Suatu ketika, Imam Syibli sedang berada dalam sebuah kebun buah-buah yang luas. Seperti biasa ia memang gemar melakukan pengembaraan guna memperdalam rohaninya. Tiba-tiba telinganya mendengar suara memanggil-manggil namanya, "Imam Syibli, Imam Syibli."

Sang imam menghentikan langkahnya. Ia mencari dari mana datangnya sumber suara. Menoleh ke kiri dan ke kanan, tapi tidak menemukan seorang pun, kecuali puluhan batang-batang pohon menjulang ke langit. Sekali lagi suara itu datang. Imam Syibli merasa pemilik suara itu dekat sekali dengannya. Tapi siapa ya ?

"Aku disampingmu, Imam."

Oh, ternyata empunya suara itu bukan manusia maupun binatang, melainkan sebatang pohon mangga besar.

"Hai pohon mangga, ada apa kamu memanggil-manggil namaku? Apakah kamu hendak menanyakan sesuatu?" tanya Imam Syibli.

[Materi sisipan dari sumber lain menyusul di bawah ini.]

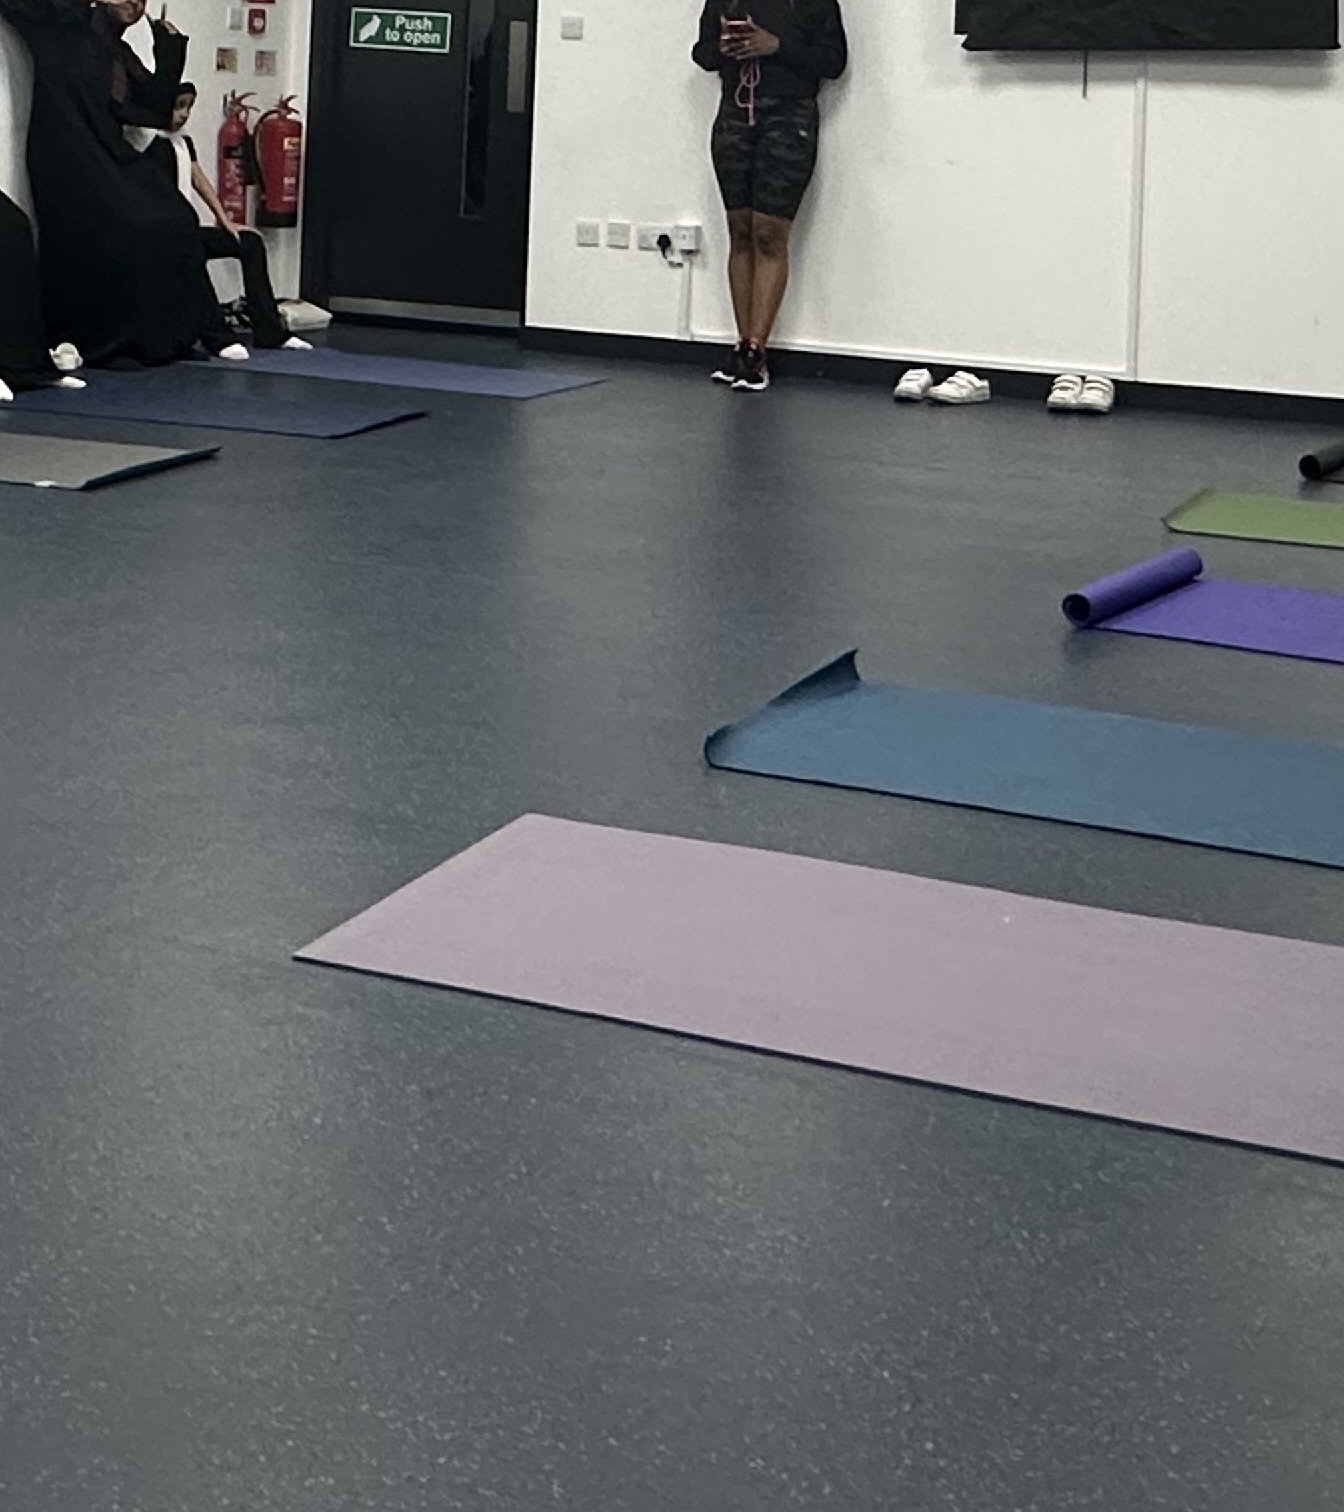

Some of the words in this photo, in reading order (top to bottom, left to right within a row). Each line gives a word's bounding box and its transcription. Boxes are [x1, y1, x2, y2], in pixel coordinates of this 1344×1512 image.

"Tidak Imam, justru aku ingin memberikan sesuatu pesan kepada Imam."

"Katakan, pesan apa?"

"Wahai Imam yang suka mengembara, jadilah orang mulia seperti aku." Ujar pohon mangga dengan tenang penuh keyakinan.

"Apa maksudmu?" Imam Syibli tampak kurang senang dengan khutbah pohon mangga itu.

"Begini maksudku: Aku adalah contoh yang memiliki sifat mulia. Jika aku dilempar dengan batu, maka aku akan membalasnya dengan buah-buahku yang manis dan lezat," jelas pohon mangga.

Imam Syibli menangguk mengerti. "Kamu memang mulia pohon mangga. Tetapi, sayang akhir hidup akan sangat menderita."
Ini kali pohon yang bingung. "Apa maksud Imam?"

"Jika kamu sudah tidak menghasilkan buah lagi, sudah tua, dan tidak berguna lagi, maka tubuhmu akan ditebang, daun-daunmu dirontokkan, ranting dan batangmu dijemur dipanas matahari, kemudian akan dibakar dengan api menjilat-jilat sebagai kayu bakar," ujar Imam panjang lebar.

Pohon mangga nampak sedih mendengar ucapan Imam Syibli.

"Itu adalah takdirku, Imam. Tapi aku malah bangga dengannya. Aku tidak bisa seperti pohon cemara, yang apabila ada angin bertiup ke barat, ia ikut ke barat, ada angin ke timur, ia akan ikut ke timur," terang pohon mangga dengan bijak.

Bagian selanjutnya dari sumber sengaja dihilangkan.